Prescription Drug Information: Rosuvastatin Calcium (Page 5 of 8)
11 DESCRIPTION
Rosuvastatin calcium, USP is a 3-hydroxy-3-methylglutaryl coenzyme A (HMG CoA)-reductase inhibitor.
The chemical name for rosuvastatin calcium, USP is bis[(E)-7[4-(4-fluorophenyl)-6-isopropyl-2-(methyl(methylsulfonyl) amino] pyrimidin-5-yl]-(3R,5S)-3,5-dihydroxyhept-6-enoic acid] calcium salt with the following structural formula:
The empirical formula for rosuvastatin calcium, USP is (C22 H27 FN3 O6 S)2 Ca and the molecular weight is 1001.14. Rosuvastatin calcium, USP is a white to off-white powder that is very slightly soluble in water, insoluble in methanol and ethanol. Rosuvastatin calcium, USP is a hydrophilic compound with a partition coefficient (octanol/water) of 0.13 at pH of 7.0.
Rosuvastatin Tablets, USP for oral use contain 5 mg, 10 mg, 20 mg, or 40 mg (equivalent to 5.2 mg, 10.4 mg, 20.8 mg, and 41.6 mg rosuvastatin calcium) and the following inactive ingredients: crospovidone, ferric oxide red, hypromellose, lactose monohydrate, magnesium stearate, microcrystalline cellulose, sodium bicarbonate, titanium dioxide and triacetin.
12 CLINICAL PHARMACOLOGY
12.1 Mechanism of Action
Rosuvastatin is an inhibitor of HMG-CoA reductase, the rate-limiting enzyme that converts 3-hydroxy-3-methylglutaryl coenzyme A to mevalonate, a precursor of cholesterol.
12.2 Pharmacodynamics
Inhibition of HMG-CoA reductase by rosuvastatin accelerates the expression of LDL-receptors, followed by the uptake of LDL-C from blood to the liver, leading to a decrease in plasma LDL-C and total cholesterol. Sustained inhibition of cholesterol synthesis in the liver also decreases levels of very-low-density lipoproteins. The maximum LDL-C reduction of rosuvastatin is usually achieved by 4 weeks and is maintained after that.
12.3 Pharmacokinetics
Absorption
In clinical pharmacology studies in man, peak plasma concentrations of rosuvastatin were reached 3 to 5 hours following oral dosing. Both Cmax and AUC increased in approximate proportion to rosuvastatin dose. The absolute bioavailability of rosuvastatin is approximately 20%. The AUC of rosuvastatin does not differ following evening or morning drug administration.
Effect of food
Administration of rosuvastatin with food did not affect the AUC of rosuvastatin.
Distribution
Mean volume of distribution at steady-state of rosuvastatin is approximately 134 liters. Rosuvastatin is 88% bound to plasma proteins, mostly albumin. This binding is reversible and independent of plasma concentrations.
Elimination
Metabolism
Rosuvastatin is not extensively metabolized; approximately 10% of a radiolabeled dose is recovered as metabolite.

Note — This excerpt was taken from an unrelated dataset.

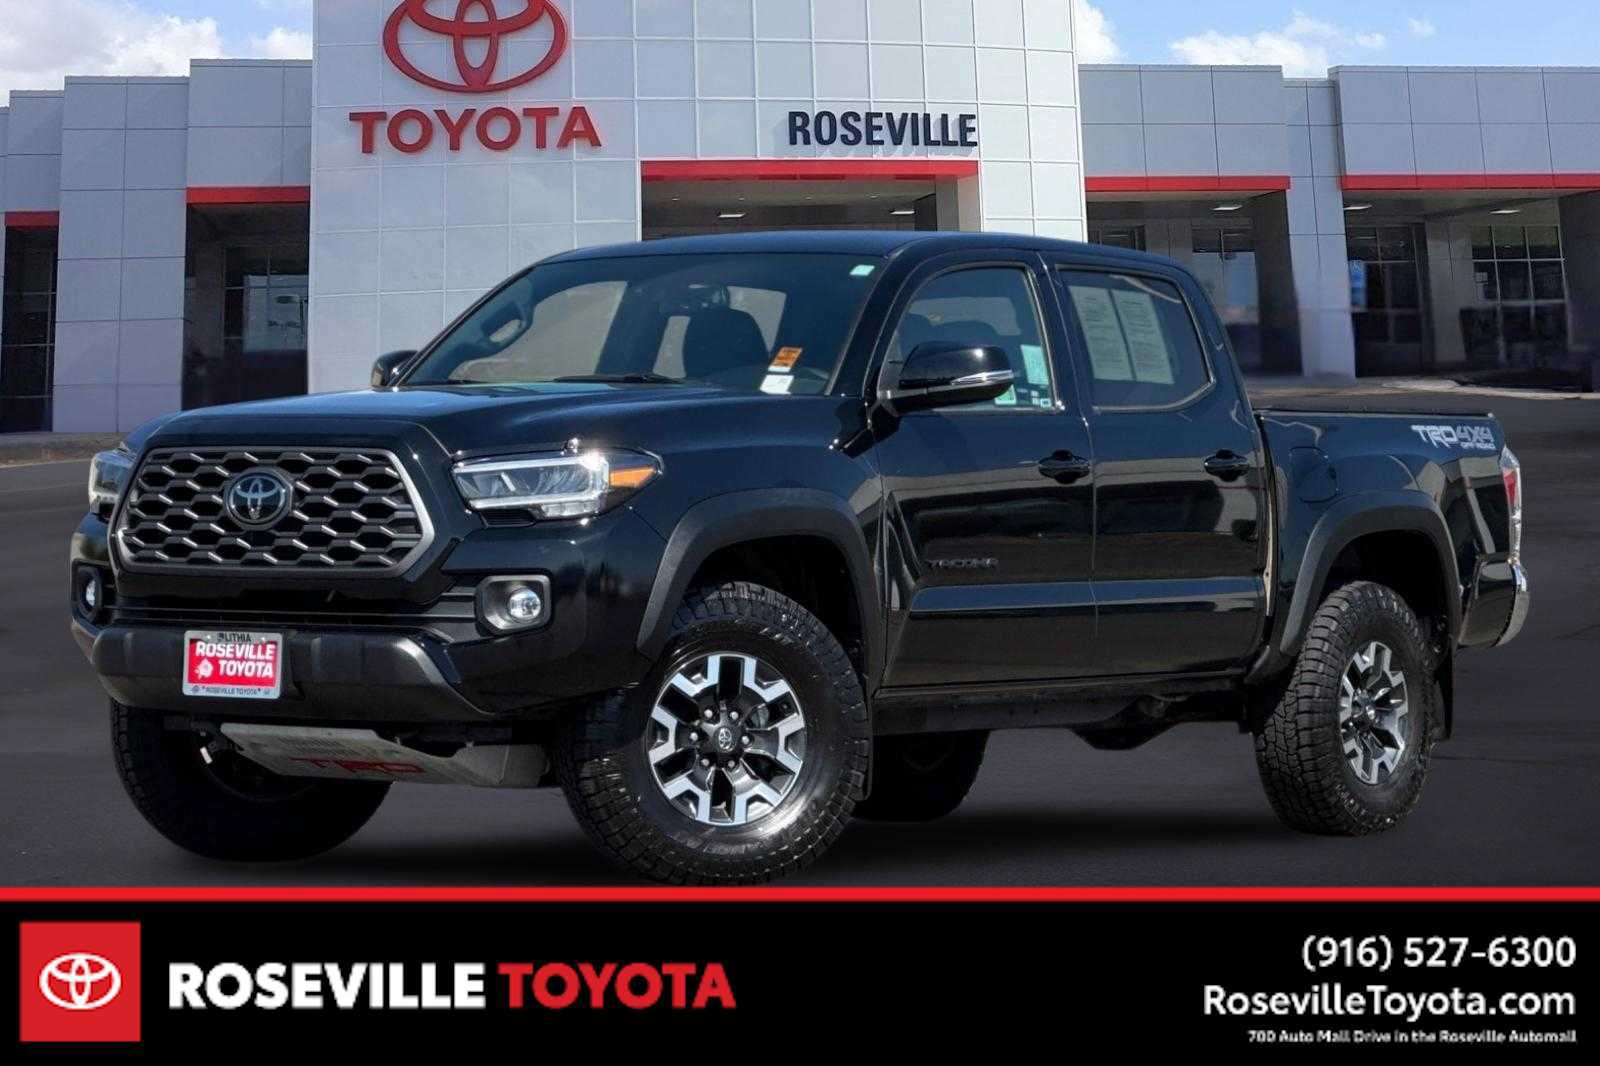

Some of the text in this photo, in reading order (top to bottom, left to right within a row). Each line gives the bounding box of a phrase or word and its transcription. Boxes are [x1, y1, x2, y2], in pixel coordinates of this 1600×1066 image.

[349, 106, 602, 153] TOYOTA
[788, 110, 978, 147] ROSEVILLE
[195, 641, 276, 660] ROSEVILLE
[218, 660, 274, 678] TOYOTA

The major metabolite is N-desmethyl rosuvastatin, which is formed principally by cytochrome P450 \ 2C9, and in vitro studies have demonstrated that N-desmethyl rosuvastatin has approximately one-sixth to one-half the HMG-CoA reductase inhibitory activity of the parent compound. Overall, greater than 90% of active plasma HMG-CoA reductase inhibitory activity is accounted for by the parent compound.
Excretion
Following oral administration, rosuvastatin and its metabolites are primarily excreted in the feces (90%). After an intravenous dose, approximately 28% of total body clearance was via the renal route, and 72% by the hepatic route. The elimination half-life of rosuvastatin is approximately 19 hours.
Specific Populations
Geriatric Patients
There were no differences in plasma concentrations of rosuvastatin between the nonelderly and elderly populations (age ≥65 years).
Pediatric Patients
In a population pharmacokinetic analysis of two pediatric trials involving patients with heterozygous familial hypercholesterolemia 10 to 17 years of age and 8 to 17 years of age, respectively, rosuvastatin exposure appeared comparable to or lower than rosuvastatin exposure in adult patients.
Male and Female Patients
There were no differences in plasma concentrations of rosuvastatin between men and women.
Racial or Ethnic Groups
A population pharmacokinetic analysis revealed no clinically relevant differences in pharmacokinetics among Caucasian, Hispanic, and Black or Afro-Caribbean groups. However, pharmacokinetic studies, including one conducted in the US, have demonstrated an approximate 2-fold elevation in median exposure (AUC and Cmax ) in Asian subjects when compared with a Caucasian control group.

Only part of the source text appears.